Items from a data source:

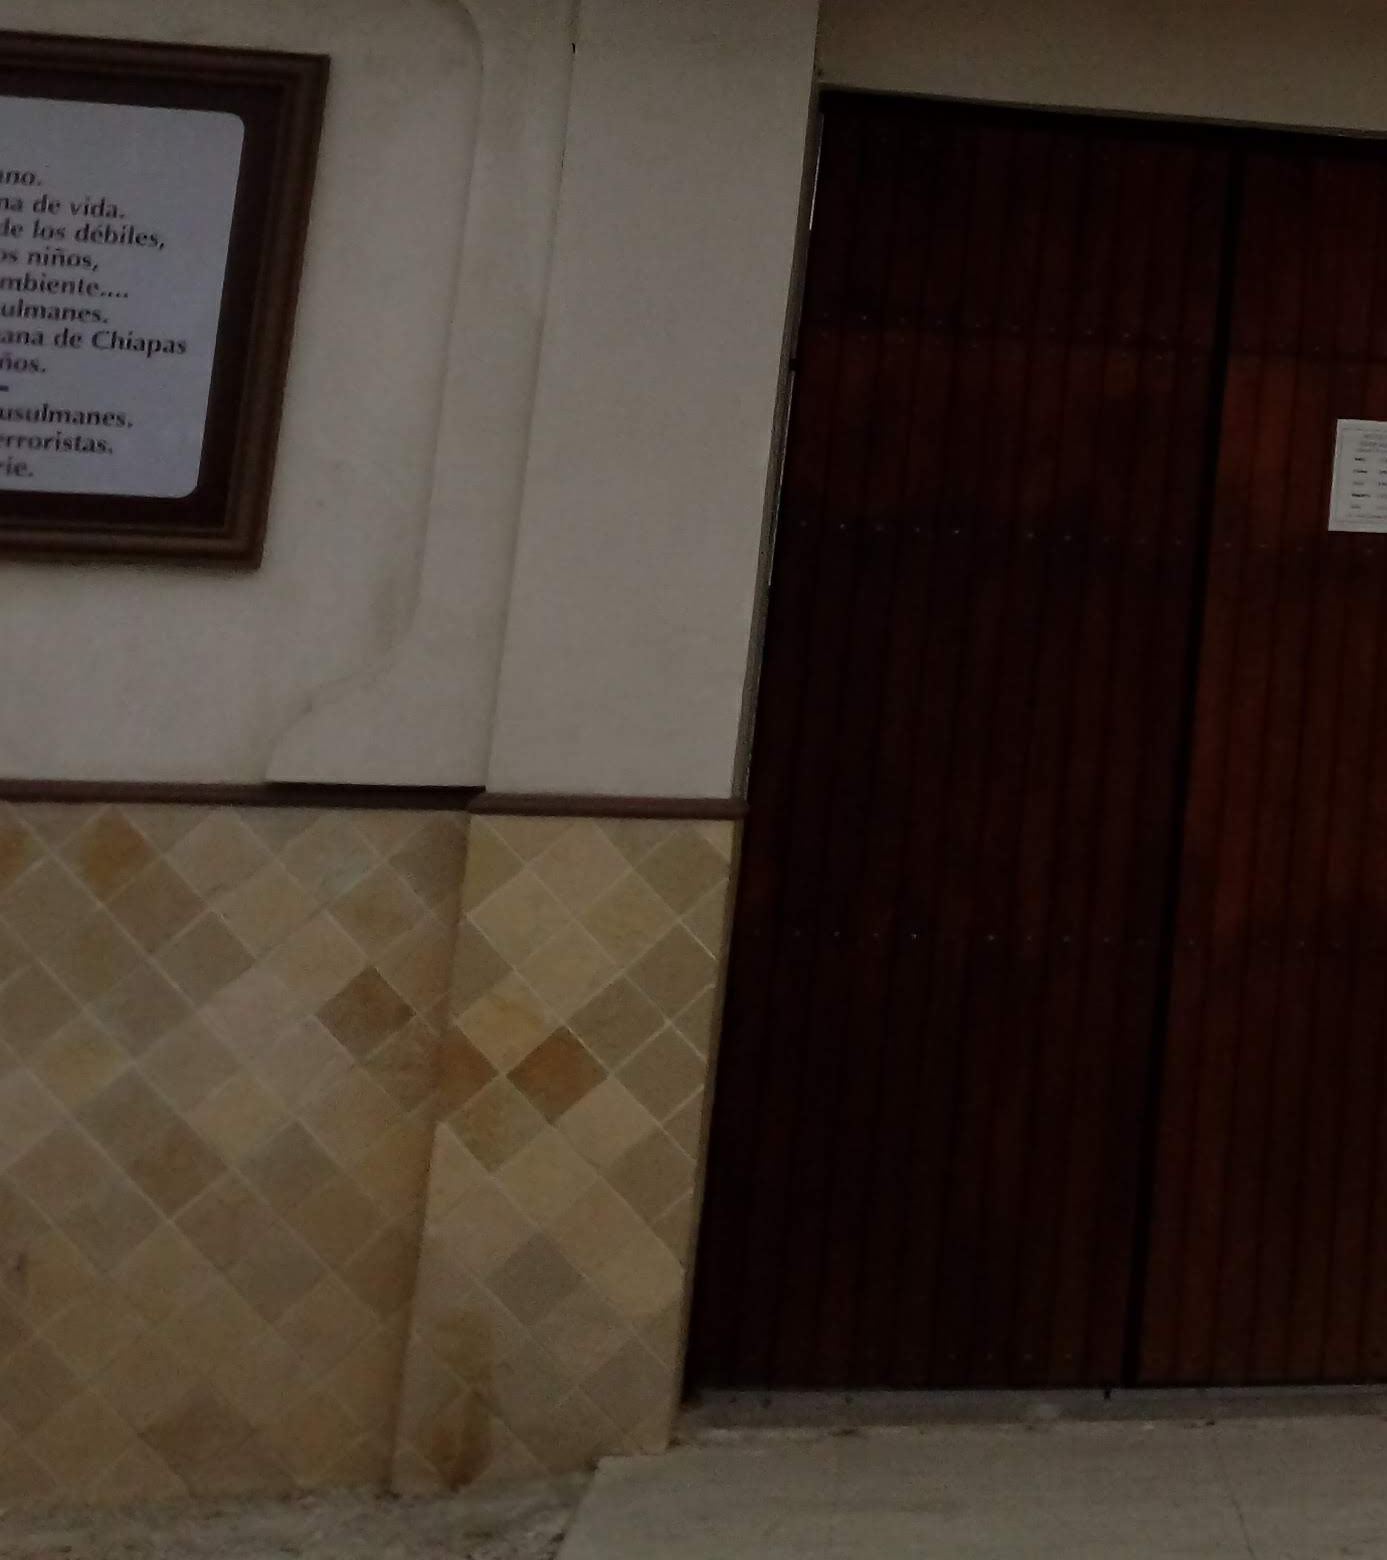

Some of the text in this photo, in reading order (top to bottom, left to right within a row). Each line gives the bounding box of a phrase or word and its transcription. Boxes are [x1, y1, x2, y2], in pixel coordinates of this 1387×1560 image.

[33, 194, 61, 216] de
[70, 195, 126, 219] vida.
[33, 219, 66, 241] los
[75, 223, 166, 251] débiles,
[27, 247, 100, 272] niños,
[54, 328, 83, 349] de
[92, 329, 188, 358] Chiapas

— WORK REQUIRED —
Leave out the images and repeat the rest of the data word for word.

— TASK RESULT —
Some of the text in this photo, in reading order (top to bottom, left to right within a row). Each line gives the bounding box of a phrase or word and its transcription. Boxes are [x1, y1, x2, y2], in pixel coordinates of this 1387×1560 image.

[33, 194, 61, 216] de
[70, 195, 126, 219] vida.
[33, 219, 66, 241] los
[75, 223, 166, 251] débiles,
[27, 247, 100, 272] niños,
[54, 328, 83, 349] de
[92, 329, 188, 358] Chiapas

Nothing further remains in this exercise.